WHAT TO PRODUCE: Exclude all pictures, then copy each of the records exactly as written.

DATA EXTRACTS:

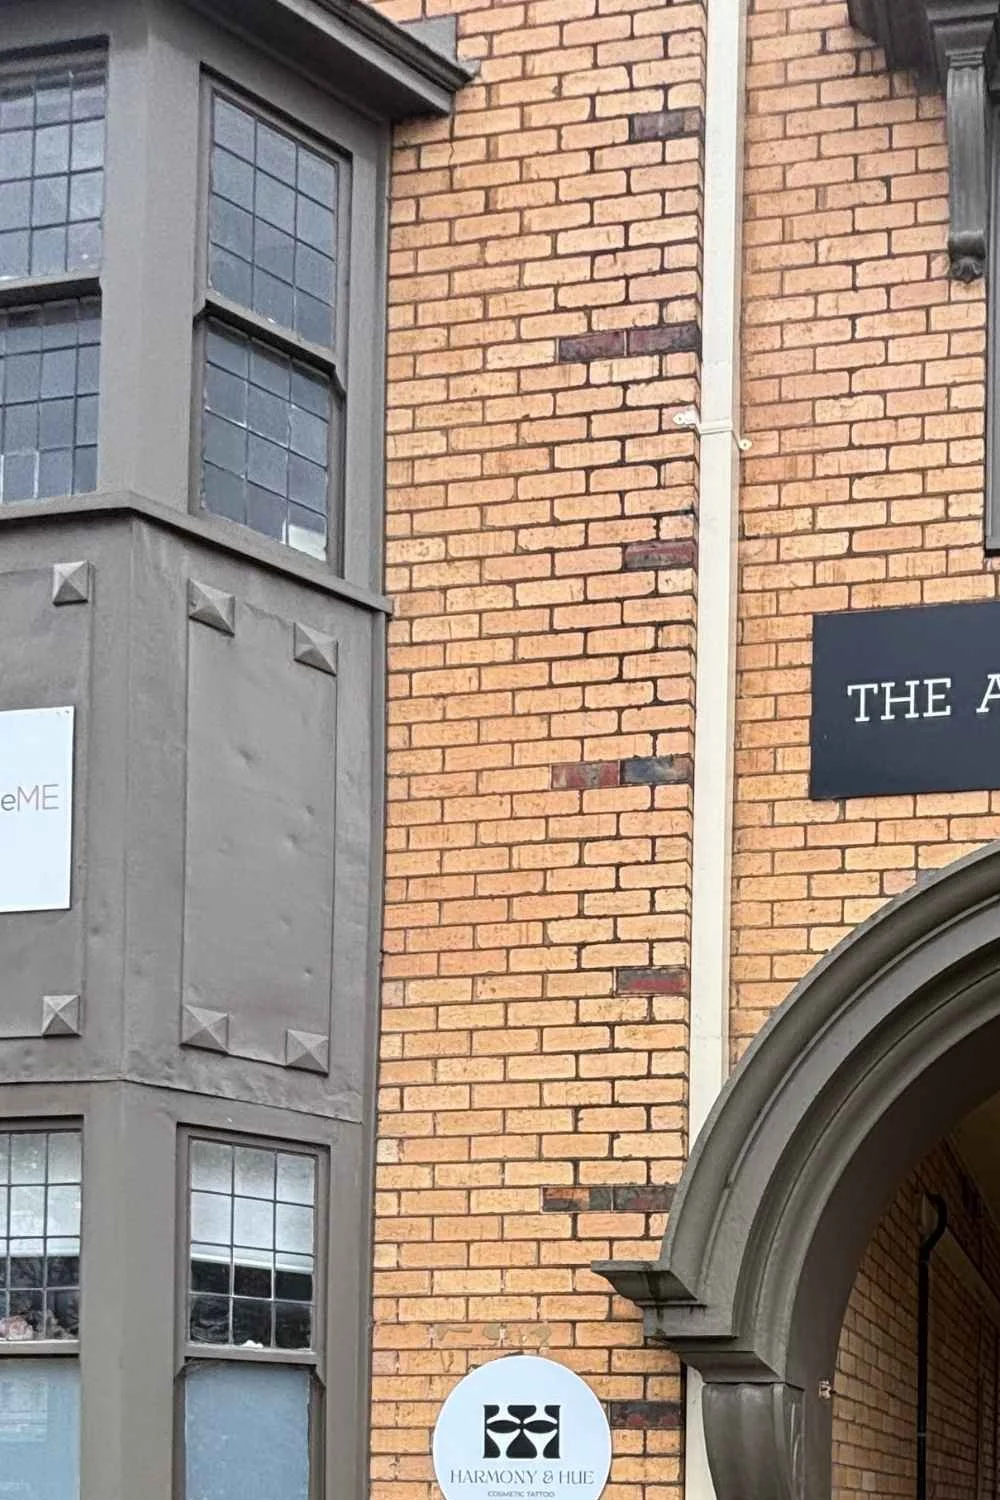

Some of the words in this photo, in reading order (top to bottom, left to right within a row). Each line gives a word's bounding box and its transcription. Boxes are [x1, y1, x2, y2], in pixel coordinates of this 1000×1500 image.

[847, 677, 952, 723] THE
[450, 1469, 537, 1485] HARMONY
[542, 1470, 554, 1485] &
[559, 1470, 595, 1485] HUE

ANSWER SECTION:
Some of the words in this photo, in reading order (top to bottom, left to right within a row). Each line gives a word's bounding box and its transcription. Boxes are [x1, y1, x2, y2], in pixel coordinates of this 1000×1500 image.

[847, 677, 952, 723] THE
[450, 1469, 537, 1485] HARMONY
[542, 1470, 554, 1485] &
[559, 1470, 595, 1485] HUE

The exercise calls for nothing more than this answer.